● RECORDED DATA
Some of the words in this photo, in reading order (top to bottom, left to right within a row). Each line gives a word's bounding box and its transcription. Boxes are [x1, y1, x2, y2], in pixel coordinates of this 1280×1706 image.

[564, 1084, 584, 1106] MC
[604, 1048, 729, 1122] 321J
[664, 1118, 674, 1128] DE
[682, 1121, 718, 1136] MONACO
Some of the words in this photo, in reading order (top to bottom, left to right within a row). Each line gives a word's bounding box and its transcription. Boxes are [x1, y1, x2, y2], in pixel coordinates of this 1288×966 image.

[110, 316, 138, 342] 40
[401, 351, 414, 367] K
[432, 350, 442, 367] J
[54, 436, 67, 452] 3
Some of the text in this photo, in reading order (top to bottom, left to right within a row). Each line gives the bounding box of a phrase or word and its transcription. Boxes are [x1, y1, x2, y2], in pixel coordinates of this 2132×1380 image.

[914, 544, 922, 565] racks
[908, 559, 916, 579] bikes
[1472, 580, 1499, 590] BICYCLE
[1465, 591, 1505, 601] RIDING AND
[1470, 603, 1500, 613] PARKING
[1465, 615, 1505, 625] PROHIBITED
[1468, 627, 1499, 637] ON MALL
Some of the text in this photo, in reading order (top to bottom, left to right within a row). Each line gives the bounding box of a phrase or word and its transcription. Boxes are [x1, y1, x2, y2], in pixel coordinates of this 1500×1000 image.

● TASK
All of the material above is to be retyped word for word.

● THE ANSWER
Some of the words in this photo, in reading order (top to bottom, left to right within a row). Each line gives a word's bounding box and its transcription. Boxes are [x1, y1, x2, y2], in pixel coordinates of this 1280×1706 image.

[564, 1084, 584, 1106] MC
[604, 1048, 729, 1122] 321J
[664, 1118, 674, 1128] DE
[682, 1121, 718, 1136] MONACO
Some of the words in this photo, in reading order (top to bottom, left to right within a row). Each line gives a word's bounding box and its transcription. Boxes are [x1, y1, x2, y2], in pixel coordinates of this 1288×966 image.

[110, 316, 138, 342] 40
[401, 351, 414, 367] K
[432, 350, 442, 367] J
[54, 436, 67, 452] 3
Some of the text in this photo, in reading order (top to bottom, left to right within a row). Each line gives the bounding box of a phrase or word and its transcription. Boxes are [x1, y1, x2, y2], in pixel coordinates of this 2132×1380 image.

[914, 544, 922, 565] racks
[908, 559, 916, 579] bikes
[1472, 580, 1499, 590] BICYCLE
[1465, 591, 1505, 601] RIDING AND
[1470, 603, 1500, 613] PARKING
[1465, 615, 1505, 625] PROHIBITED
[1468, 627, 1499, 637] ON MALL
Some of the text in this photo, in reading order (top to bottom, left to right within a row). Each line gives the bounding box of a phrase or word and its transcription. Boxes are [x1, y1, x2, y2], in pixel coordinates of this 1500×1000 image.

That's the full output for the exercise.